Jean Asselborn à la 7e session du Conseil des droits de l'Homme à Genève

Le 3 mars 2008, le Vice-Premier ministre, ministre des Affaires étrangères et de l’Immigration, Jean Asselborn, a participé à la 7 e session du Conseil des droits de l’Homme à Genève.

Dans son discours devant le Conseil des droits de l’Homme, le ministre a mis l’accent sur l’arsenal institutionnel réformé, désormais à la disposition du Conseil pour faire face à ses obligations de protection et de promotion des droits de l’Homme dans le monde. Il a évoqué dans ce contexte la situation préoccupante au Proche-Orient. Alors qu’après Annapolis et Paris, on avait espéré voir le processus de paix, le dialogue et la négociation reprendre, le contraire est vrai. La violence a repris le dessus.

"Si nous condamnons avec insistance les tirs de roquettes venant de Gaza qui ciblent de manière délibérée la population civile israélienne, nous condamnons avec la même insistance l’usage disproportionné de la force: la mort de tant de civils - quelque 300 depuis Annapolis - ne peut être une réponse. La violence et les violations des droits de la personne humaine, les représailles collectives contre Gaza sont des actes qui nous éloignent de la paix", a estimé Jean Asselborn.

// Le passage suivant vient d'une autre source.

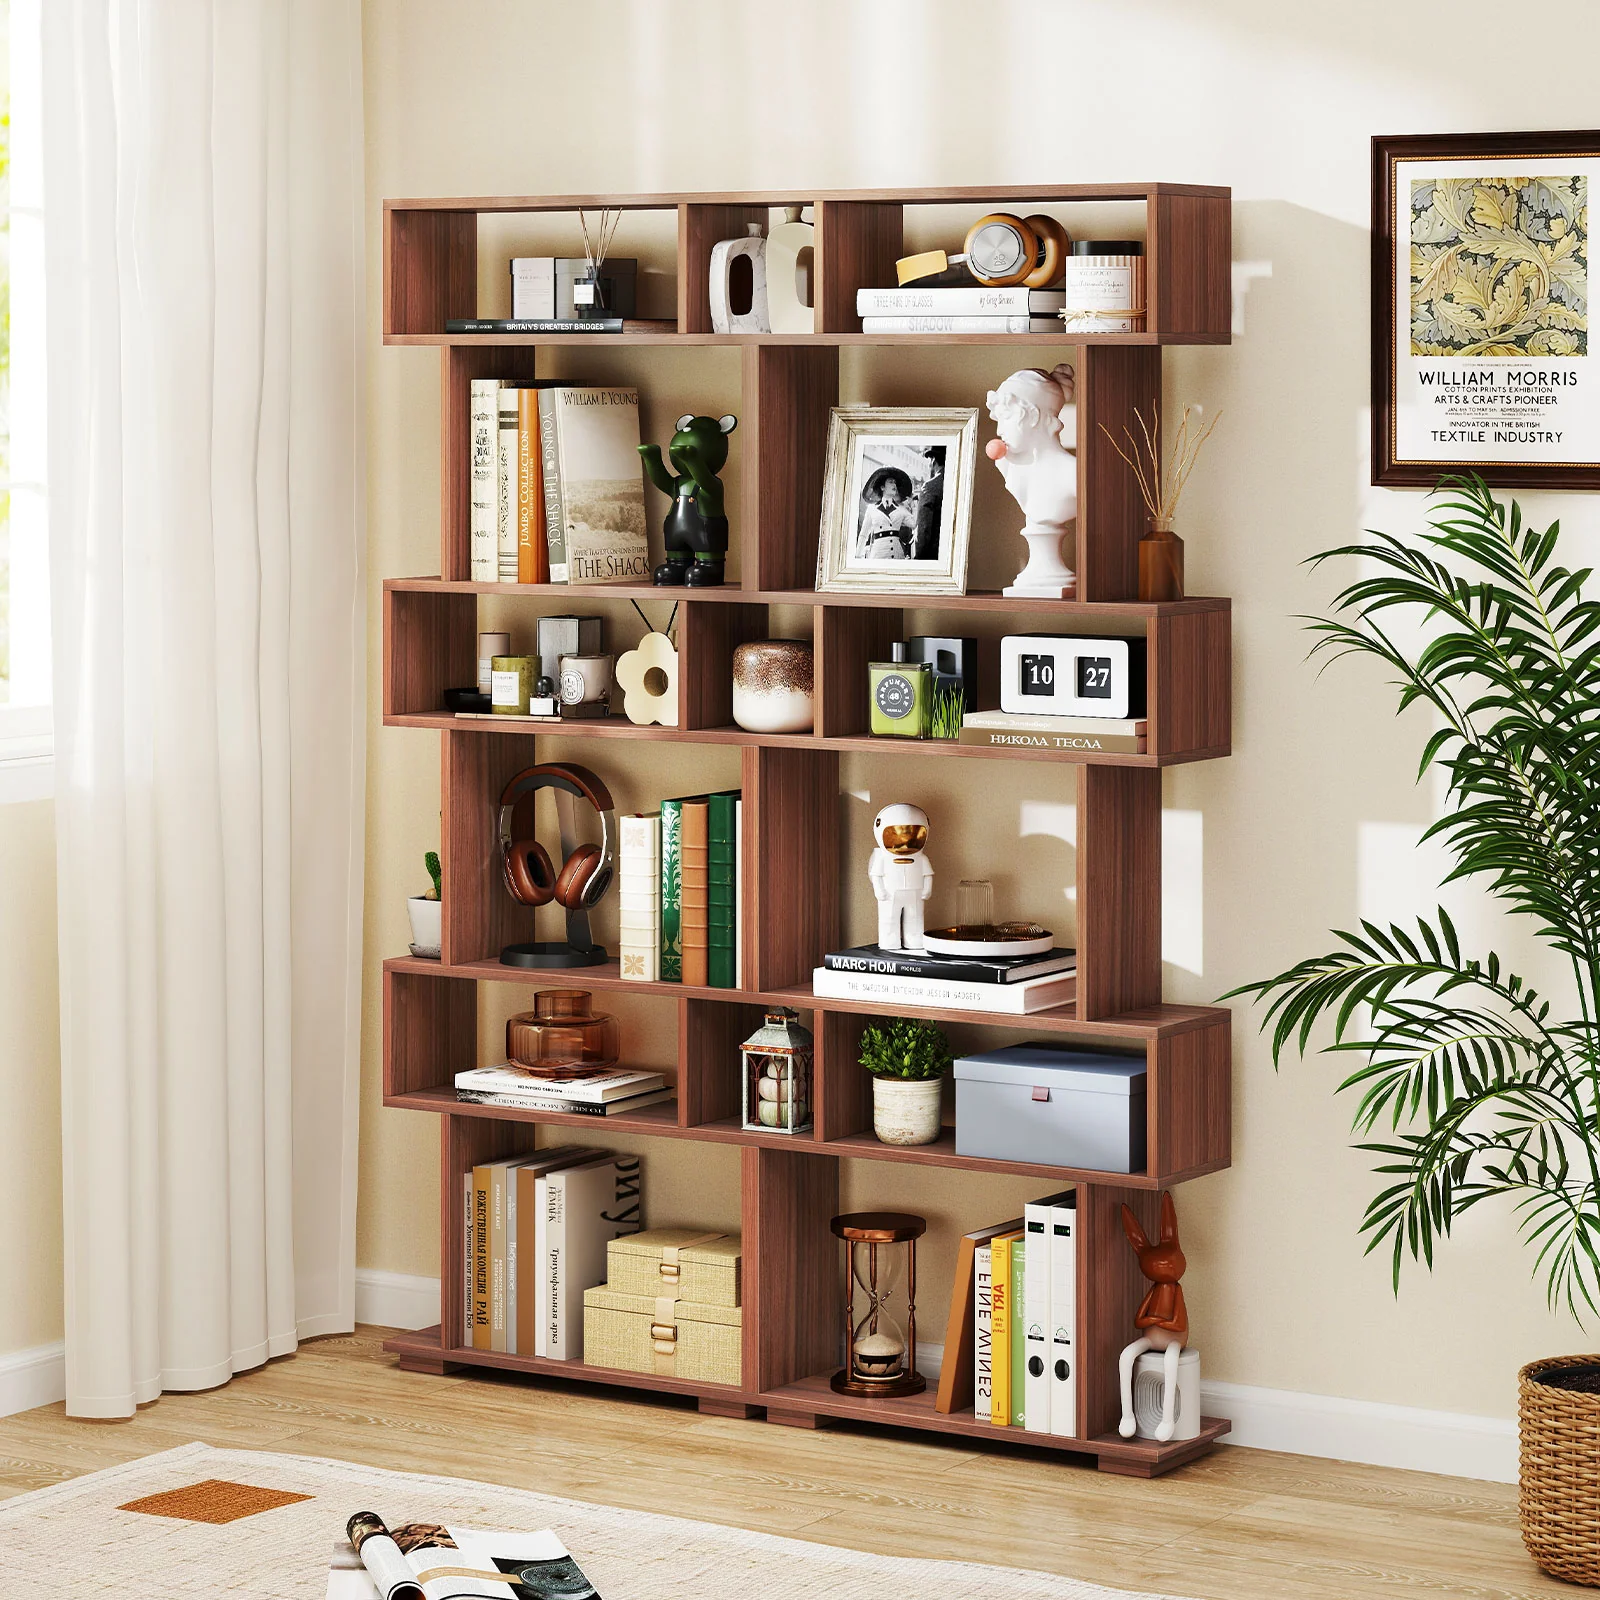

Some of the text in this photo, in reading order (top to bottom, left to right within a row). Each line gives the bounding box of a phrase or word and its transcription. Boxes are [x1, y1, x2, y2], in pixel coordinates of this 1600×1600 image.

[908, 317, 954, 332] SHADOW
[1419, 371, 1578, 386] WILLIAM MORRIS
[564, 392, 598, 406] WILLIAM
[608, 392, 638, 405] YOUNG
[1434, 395, 1558, 404] ARTS & CRAFTS PIONEER
[542, 412, 554, 459] YOUNG
[1431, 431, 1562, 443] TEXTILE INDUSTRY
[520, 430, 532, 547] JUMBO COLLECTION
[544, 472, 562, 547] THE SHACK
[574, 555, 650, 578] THE SHACK
[1030, 664, 1110, 687] 10 27
[890, 692, 900, 700] 48
[990, 734, 1102, 749] НИКОЛА ТЕСЛА
[832, 958, 866, 970] MARC
[868, 961, 896, 974] HOM
[848, 982, 981, 1000] THE SWEDISH INTERIOR DESIGN GADGETS
[494, 1098, 559, 1109] MOCKINGBIRD
[477, 1190, 489, 1326] БОЖЕСТВЕННАЯ КОМЕДИЯ РАЙ
[466, 1276, 471, 1286] по
[550, 1248, 559, 1344] Триумфальная арка
[466, 1313, 474, 1329] Боб
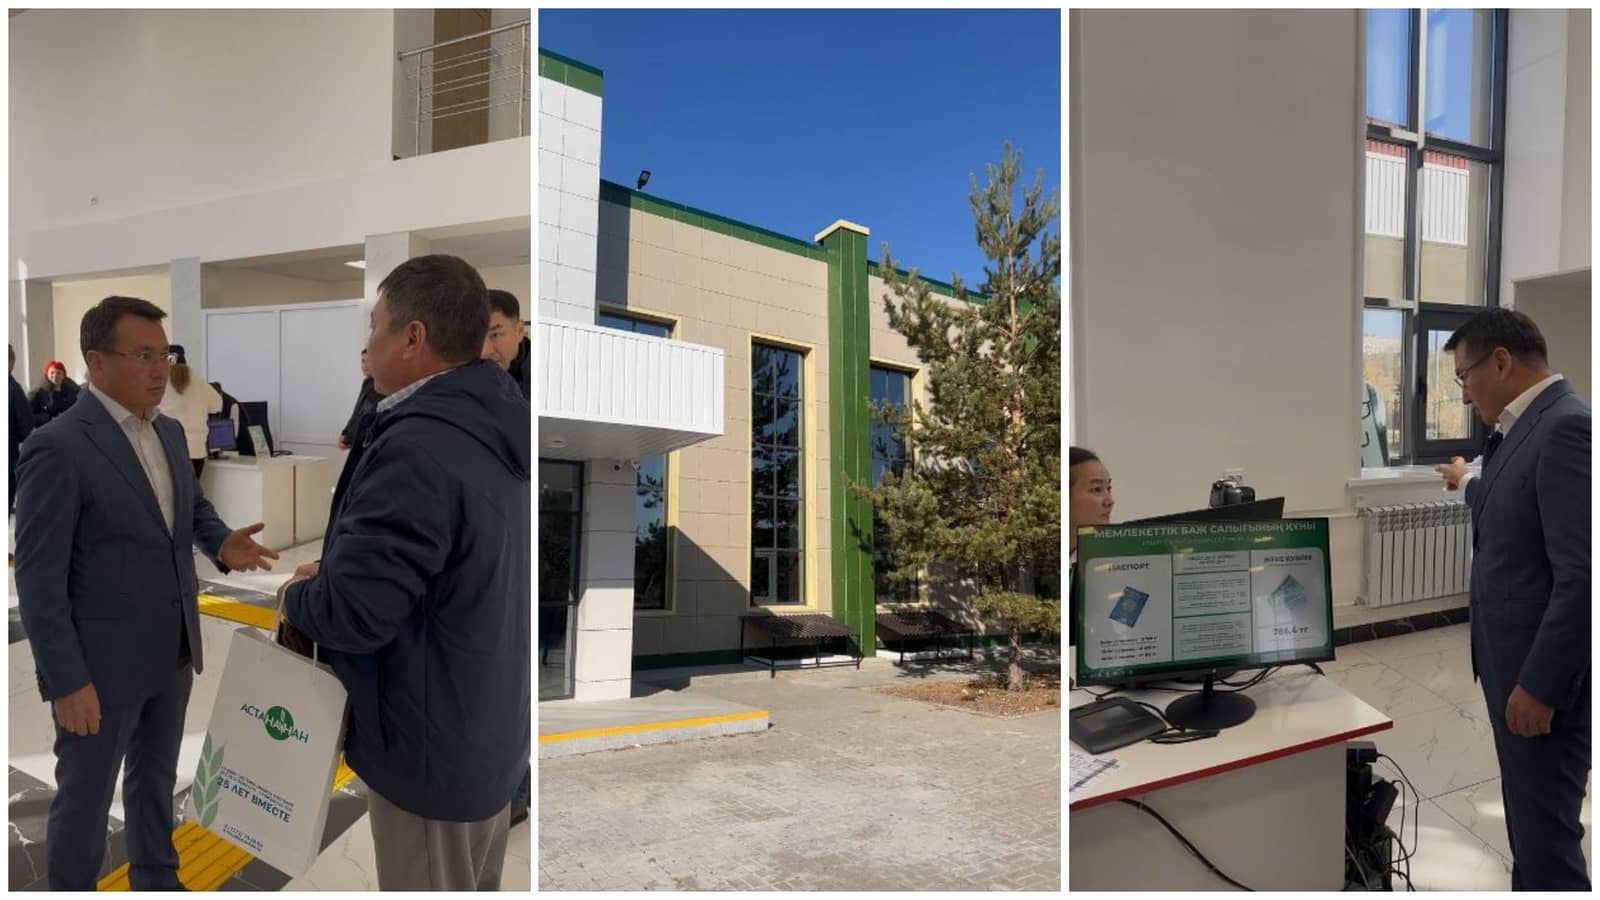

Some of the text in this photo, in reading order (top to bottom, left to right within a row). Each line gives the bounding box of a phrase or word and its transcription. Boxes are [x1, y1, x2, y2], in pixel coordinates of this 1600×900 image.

[1095, 526, 1178, 538] МЕМЛЕКЕТТІК
[1181, 524, 1207, 535] БАЖ
[217, 776, 291, 824] 25 ЛЕТ ВМЕСТЕ

Le chef de la diplomatie luxembourgeoise a regretté que les droits de l’Homme continuent d’être bafoués au Darfour et dans les régions voisines. Il a appelé à veiller, avec une vigilance particulière, à un suivi rigoureux de la résolution adoptée par le Conseil des droits de l’Homme en 2007, ainsi qu’à une application stricte, par toutes les parties à ce conflit, de toutes les recommandations soumises à ce Conseil.

En cette année du 60e anniversaire de la Déclaration universelle des droits de l’Homme, Jean Asselborn a rappelé la signification historique de ce document et de son message de l’égalité intrinsèque entre tous les êtres humains, indépendamment de leur race, de leur sexe, de leur religion, de leur couleur et de leur langue. Le ministre a estimé que cette célébration devrait nous conduire à relancer l’examen de la question de l’universalité et de l’indivisibilité de tous les droits de l’Homme et de l’égalité entre droits civils, politiques, économiques, sociaux et culturels, y compris le droit au développement.

Entretiens bilatéraux à Genève

En marge de la session du Conseil, Jean Asselborn a eu un certain nombre d’entretiens bilatéraux. Il a ainsi rencontré Louise Arbour, Haut-commissaire aux droits de l’Homme. Le ministre Asselborn a assuré Louise Arbour du soutien continu du Luxembourg, tant financier que politique; l’indépendance du Haut-commissariat étant une condition indispensable pour garantir l’efficacité du bureau.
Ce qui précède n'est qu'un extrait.